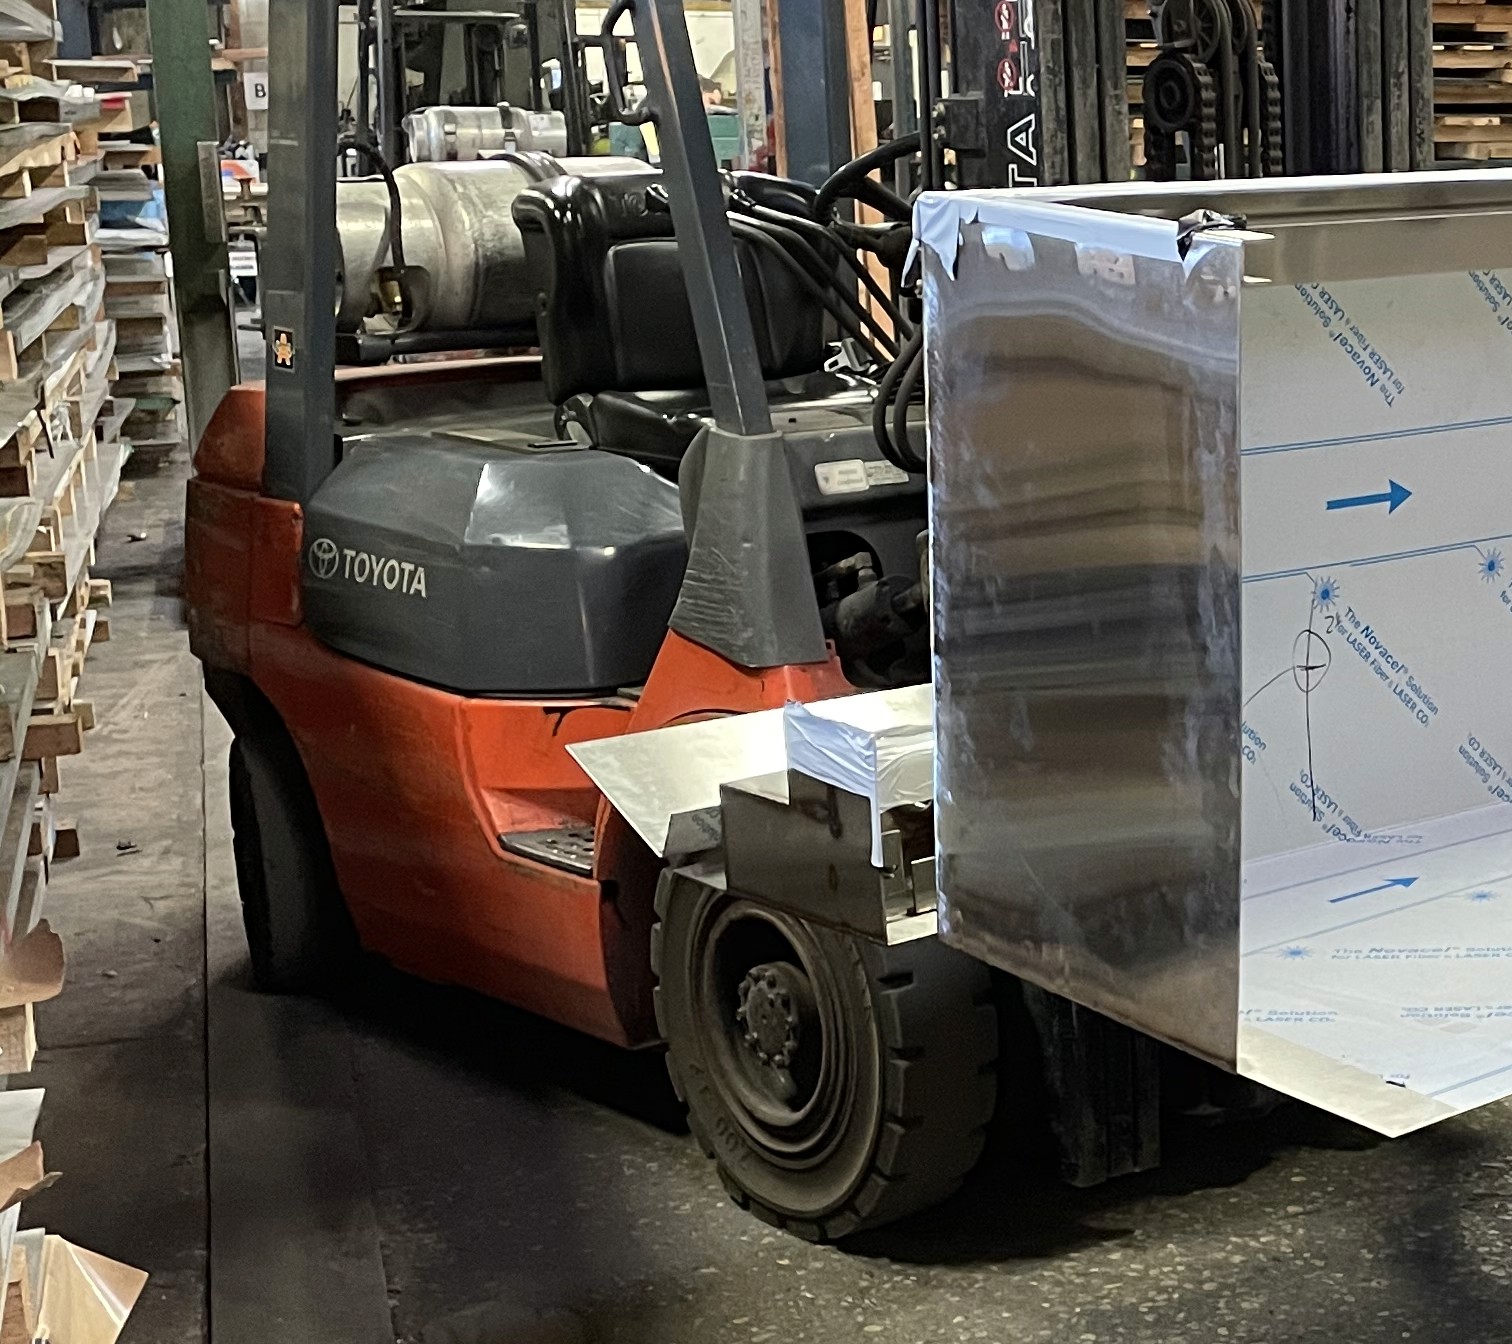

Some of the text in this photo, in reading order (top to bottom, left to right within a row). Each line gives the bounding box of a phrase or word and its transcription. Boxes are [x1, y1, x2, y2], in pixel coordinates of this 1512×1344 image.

[254, 83, 266, 98] B
[1318, 287, 1404, 394] for LASER Fiber LASER
[1379, 383, 1395, 407] The
[343, 548, 427, 598] TOYOTA
[1499, 589, 1511, 605] for
[1344, 606, 1360, 629] The
[1405, 675, 1438, 715] Solution
[1346, 632, 1371, 662] LASER
[1369, 657, 1389, 681] Fiber
[1392, 683, 1417, 712] LASER
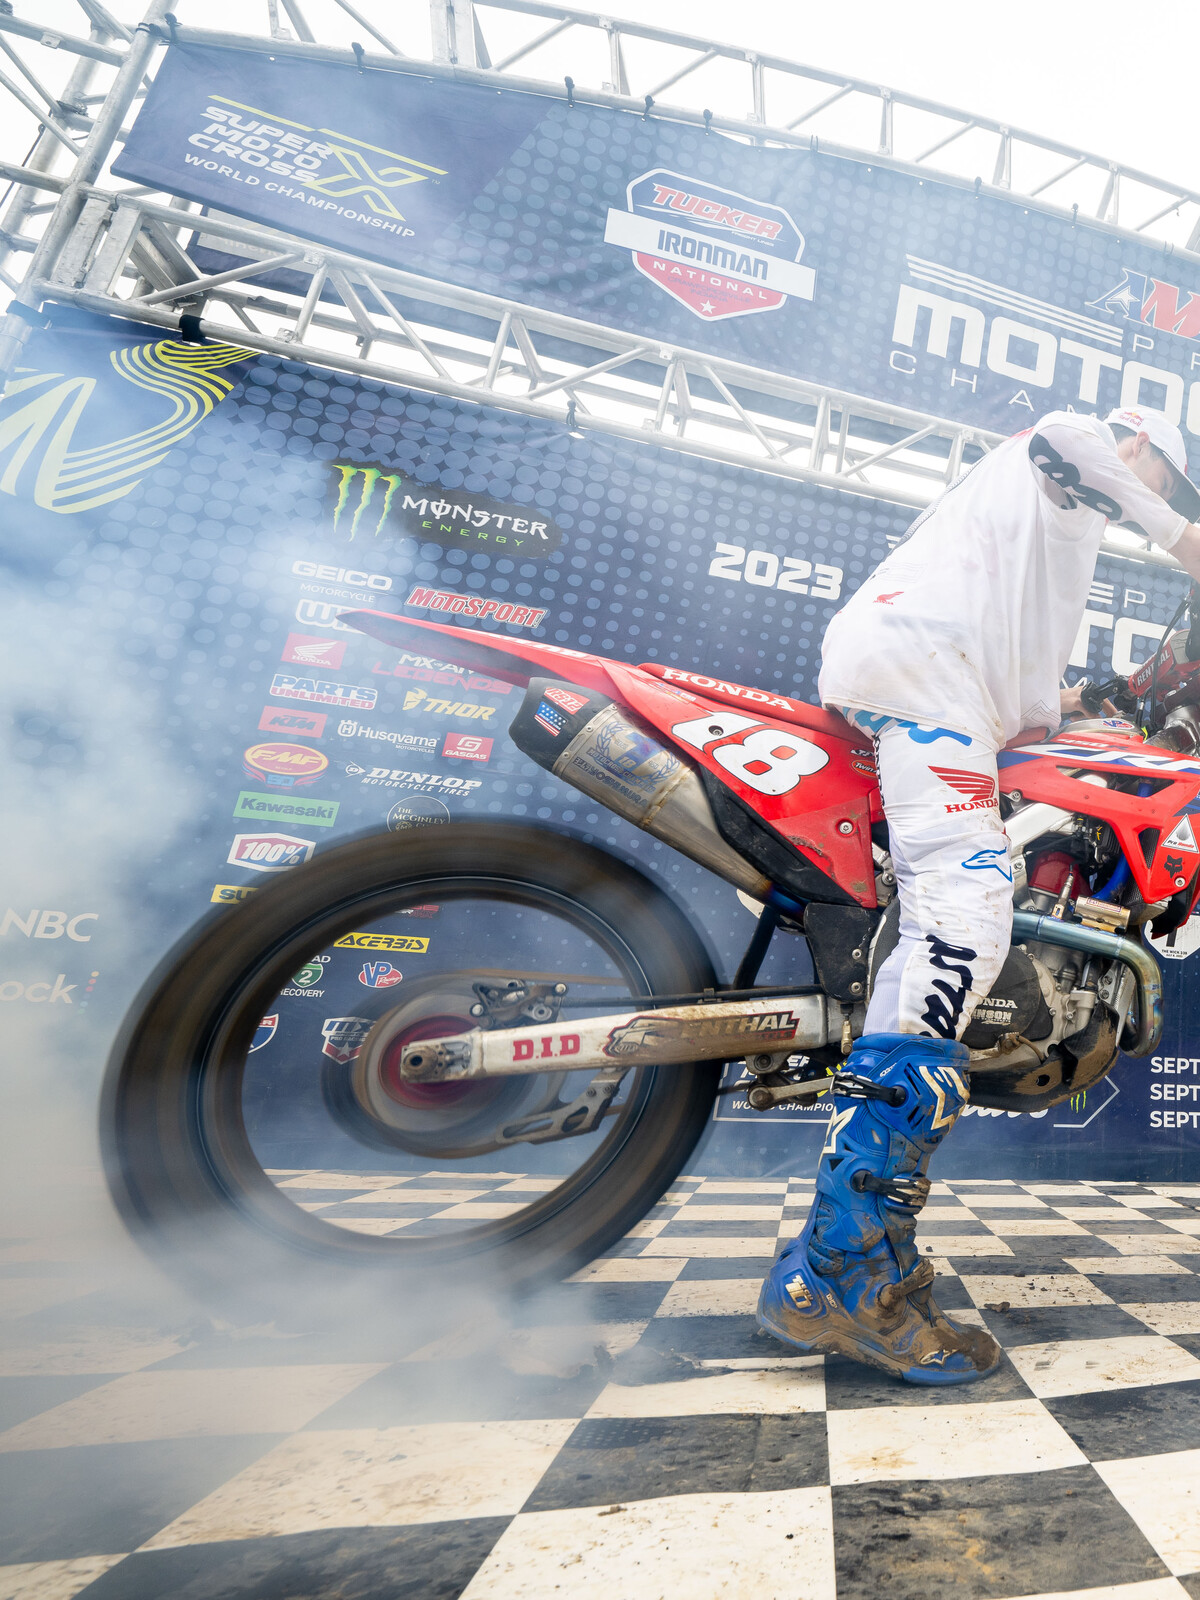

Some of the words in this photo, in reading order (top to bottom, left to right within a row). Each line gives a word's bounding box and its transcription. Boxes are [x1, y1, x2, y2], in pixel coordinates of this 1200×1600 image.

[200, 106, 334, 161] SUPER
[203, 122, 322, 171] MOTO
[188, 133, 320, 184] CROSS
[184, 153, 261, 187] WORLD
[264, 181, 416, 239] CHAMPIONSHIP
[653, 183, 783, 241] TUCKER
[657, 229, 768, 280] IRONMAN
[653, 260, 768, 300] NATIONAL
[421, 520, 524, 547] ENERGY
[291, 560, 393, 592] GEICO
[708, 541, 844, 600] 2023
[300, 582, 376, 604] MOTORCYCLE
[291, 654, 332, 666] HONDA
[398, 654, 437, 669] MX
[1137, 650, 1171, 687] RENTAL
[274, 674, 378, 701] PARTS
[371, 661, 514, 695] LEGENDS
[271, 686, 375, 710] UNLIMITED
[661, 668, 795, 712] HONDA
[423, 698, 497, 721] THOR
[269, 714, 316, 731] KTM
[357, 725, 438, 748] Husqvarna
[250, 749, 322, 766] FMF
[445, 750, 487, 760] GASGAS
[619, 754, 637, 770] 18
[671, 711, 830, 797] 18
[360, 777, 437, 793] MOTORCYCLE
[438, 787, 472, 797] TIRES
[367, 767, 482, 790] DUNLOP
[240, 798, 335, 820] Kawasaki
[397, 807, 413, 815] THE
[944, 797, 999, 813] HONDA
[242, 840, 305, 865] 100%
[0, 907, 99, 943] NBC
[337, 934, 424, 950] ACERBIS
[298, 969, 313, 985] 2
[363, 961, 393, 987] VP
[377, 974, 401, 986] Racing
[979, 997, 1018, 1009] NDA
[513, 1033, 581, 1062] D.I.D
[1150, 1057, 1200, 1074] SEPT
[1150, 1084, 1200, 1101] SEPT
[1150, 1112, 1200, 1128] SEPT

▶ [Exercise objective] Skipping all pictures, set the listing down exactly as written.

▶ [Reply to the task]
Some of the text in this photo, in reading order (top to bottom, left to right within a row). Each line gives the bounding box of a phrase or word and its transcription. Boxes are [x1, y1, x2, y2], in pixel coordinates of this 1512×1344 image.

[254, 83, 266, 98] B
[1318, 287, 1404, 394] for LASER Fiber LASER
[1379, 383, 1395, 407] The
[343, 548, 427, 598] TOYOTA
[1499, 589, 1511, 605] for
[1344, 606, 1360, 629] The
[1405, 675, 1438, 715] Solution
[1346, 632, 1371, 662] LASER
[1369, 657, 1389, 681] Fiber
[1392, 683, 1417, 712] LASER

Some of the words in this photo, in reading order (top to bottom, left to right within a row). Each line gives a word's bounding box and its transcription. Boxes are [x1, y1, x2, y2], in pixel coordinates of this 1200×1600 image.

[200, 106, 334, 161] SUPER
[203, 122, 322, 171] MOTO
[188, 133, 320, 184] CROSS
[184, 153, 261, 187] WORLD
[264, 181, 416, 239] CHAMPIONSHIP
[653, 183, 783, 241] TUCKER
[657, 229, 768, 280] IRONMAN
[653, 260, 768, 300] NATIONAL
[421, 520, 524, 547] ENERGY
[291, 560, 393, 592] GEICO
[708, 541, 844, 600] 2023
[300, 582, 376, 604] MOTORCYCLE
[291, 654, 332, 666] HONDA
[398, 654, 437, 669] MX
[1137, 650, 1171, 687] RENTAL
[274, 674, 378, 701] PARTS
[371, 661, 514, 695] LEGENDS
[271, 686, 375, 710] UNLIMITED
[661, 668, 795, 712] HONDA
[423, 698, 497, 721] THOR
[269, 714, 316, 731] KTM
[357, 725, 438, 748] Husqvarna
[250, 749, 322, 766] FMF
[445, 750, 487, 760] GASGAS
[619, 754, 637, 770] 18
[671, 711, 830, 797] 18
[360, 777, 437, 793] MOTORCYCLE
[438, 787, 472, 797] TIRES
[367, 767, 482, 790] DUNLOP
[240, 798, 335, 820] Kawasaki
[397, 807, 413, 815] THE
[944, 797, 999, 813] HONDA
[242, 840, 305, 865] 100%
[0, 907, 99, 943] NBC
[337, 934, 424, 950] ACERBIS
[298, 969, 313, 985] 2
[363, 961, 393, 987] VP
[377, 974, 401, 986] Racing
[979, 997, 1018, 1009] NDA
[513, 1033, 581, 1062] D.I.D
[1150, 1057, 1200, 1074] SEPT
[1150, 1084, 1200, 1101] SEPT
[1150, 1112, 1200, 1128] SEPT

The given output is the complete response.